*Task item*
Return the entries verbatim and drop every picture.

*Stored data entries*

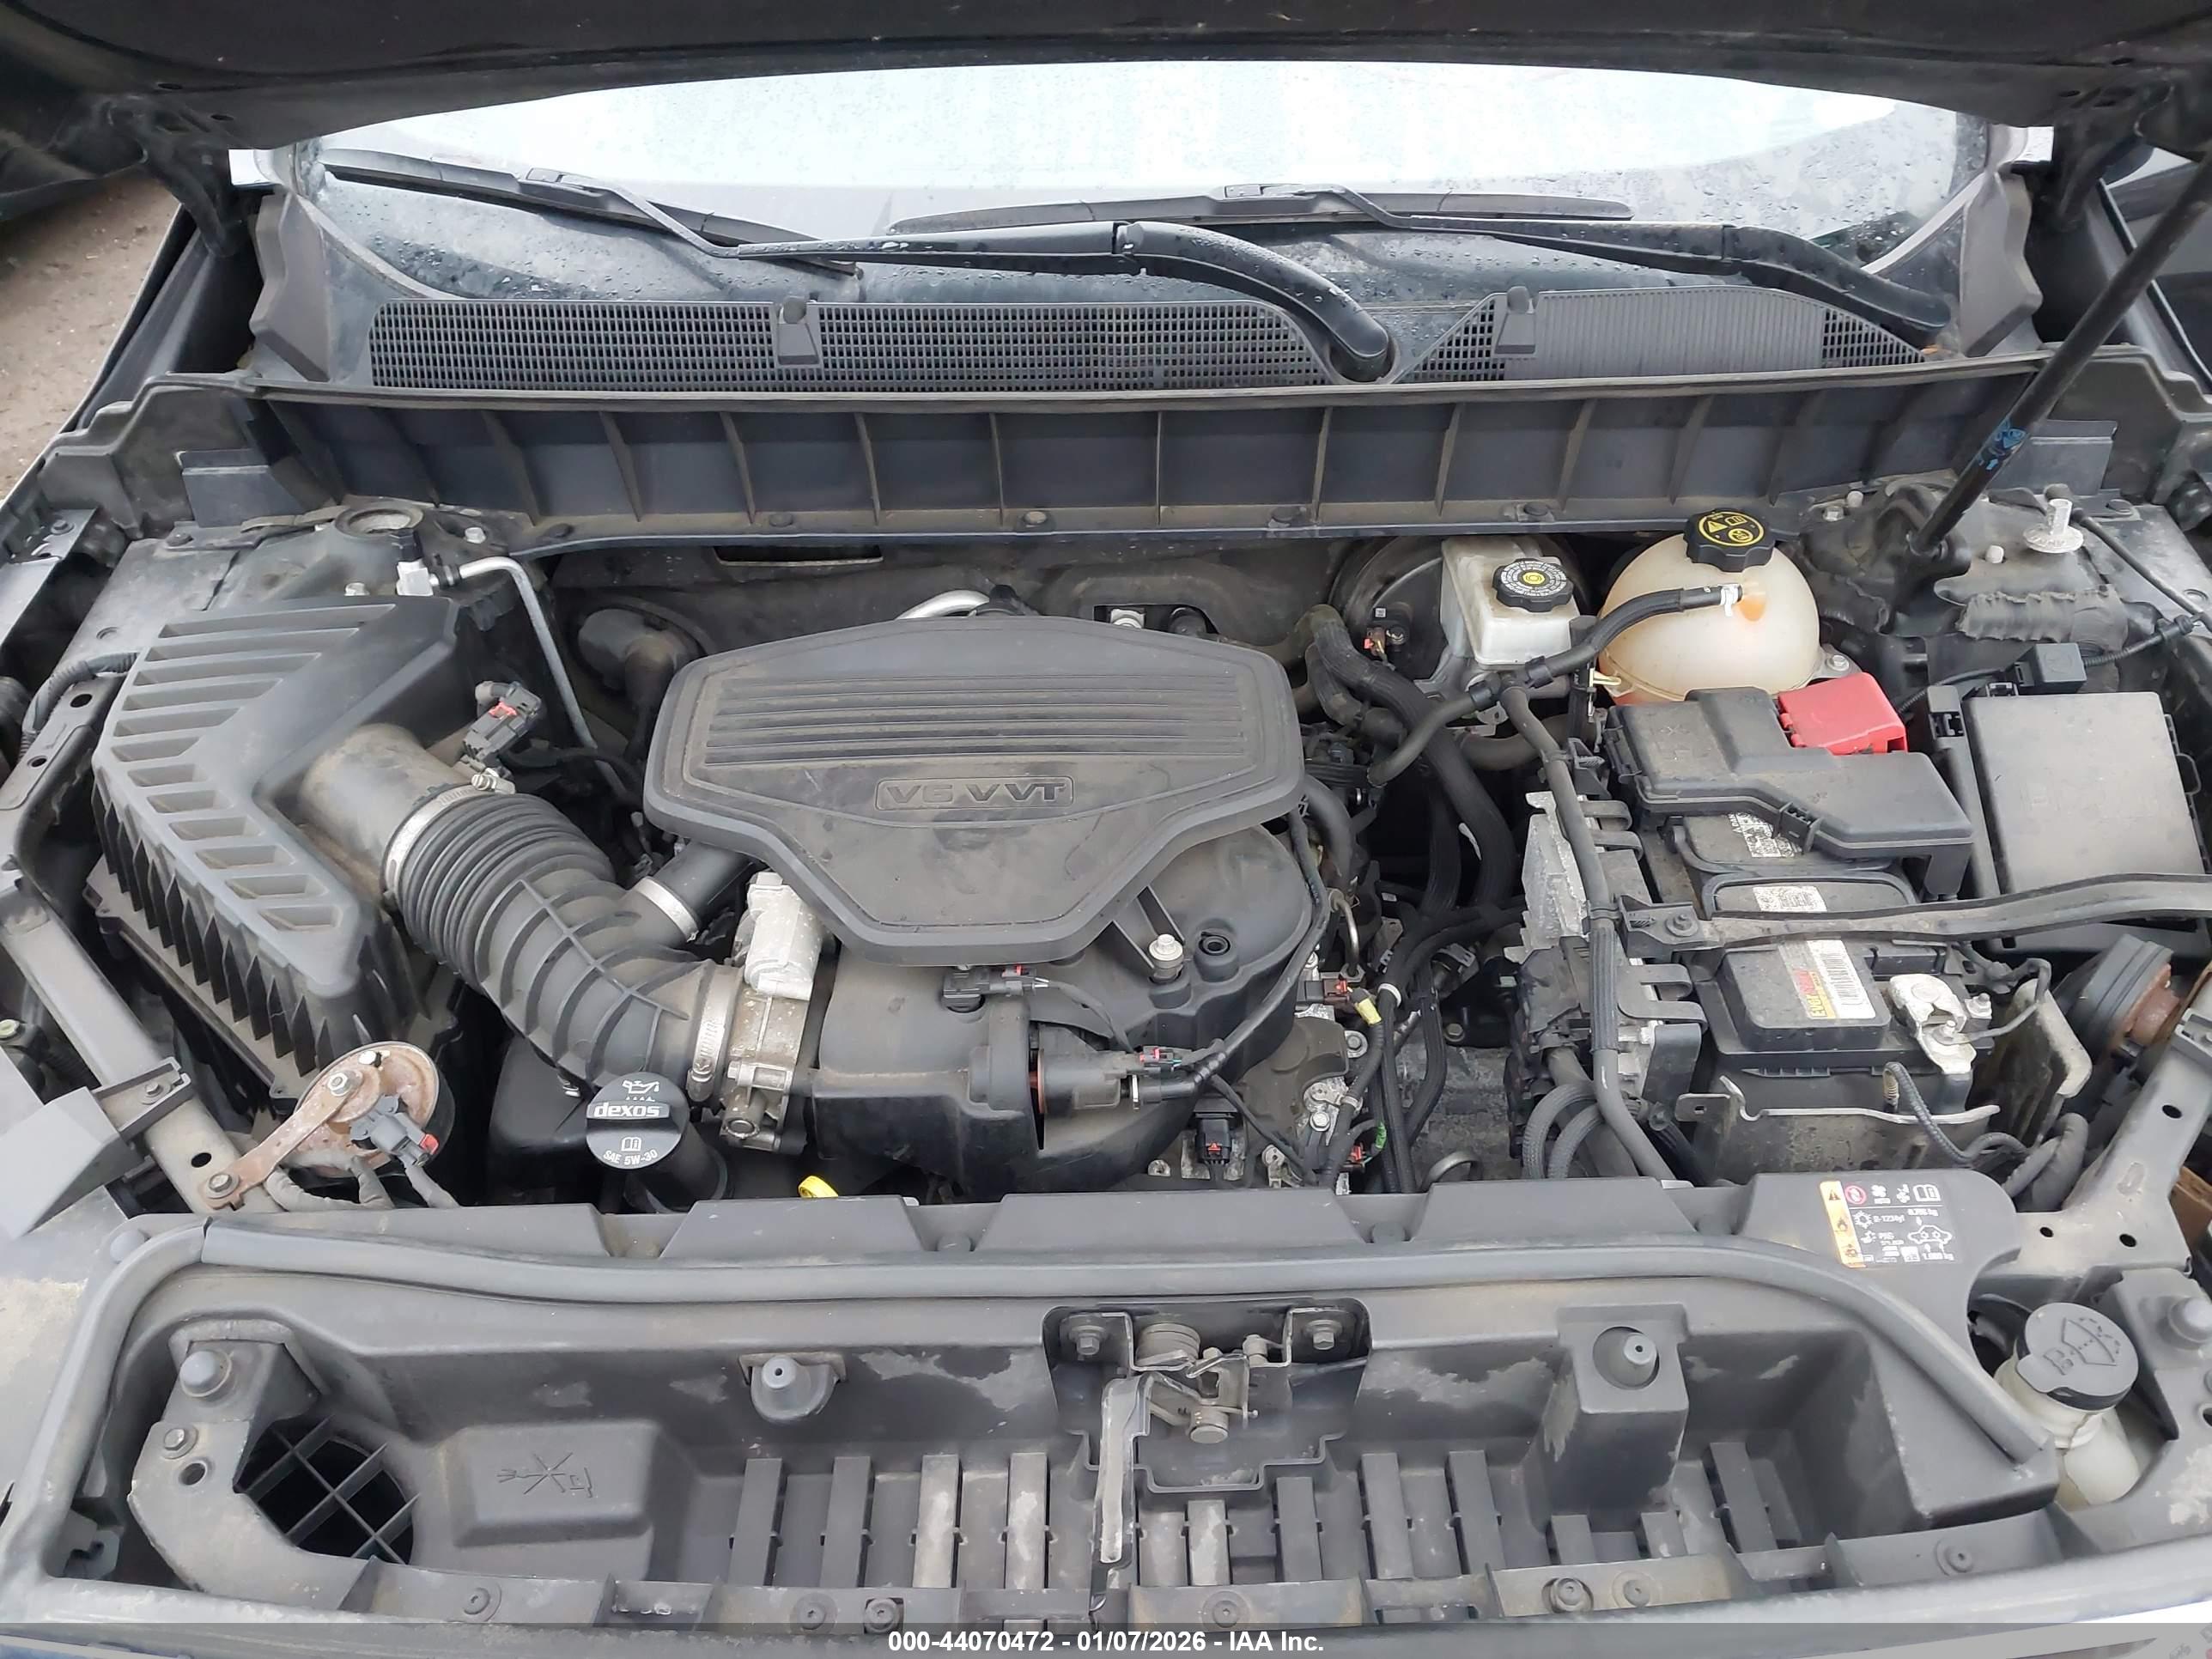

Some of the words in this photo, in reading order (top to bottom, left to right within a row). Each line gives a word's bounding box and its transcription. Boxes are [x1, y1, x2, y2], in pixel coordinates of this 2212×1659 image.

[886, 783, 953, 804] V6
[592, 1102, 660, 1118] dexos
[603, 1150, 622, 1164] SAE
[623, 1149, 658, 1165] 5W-30

*Task output*
Some of the words in this photo, in reading order (top to bottom, left to right within a row). Each line gives a word's bounding box and its transcription. Boxes are [x1, y1, x2, y2], in pixel coordinates of this 2212×1659 image.

[886, 783, 953, 804] V6
[592, 1102, 660, 1118] dexos
[603, 1150, 622, 1164] SAE
[623, 1149, 658, 1165] 5W-30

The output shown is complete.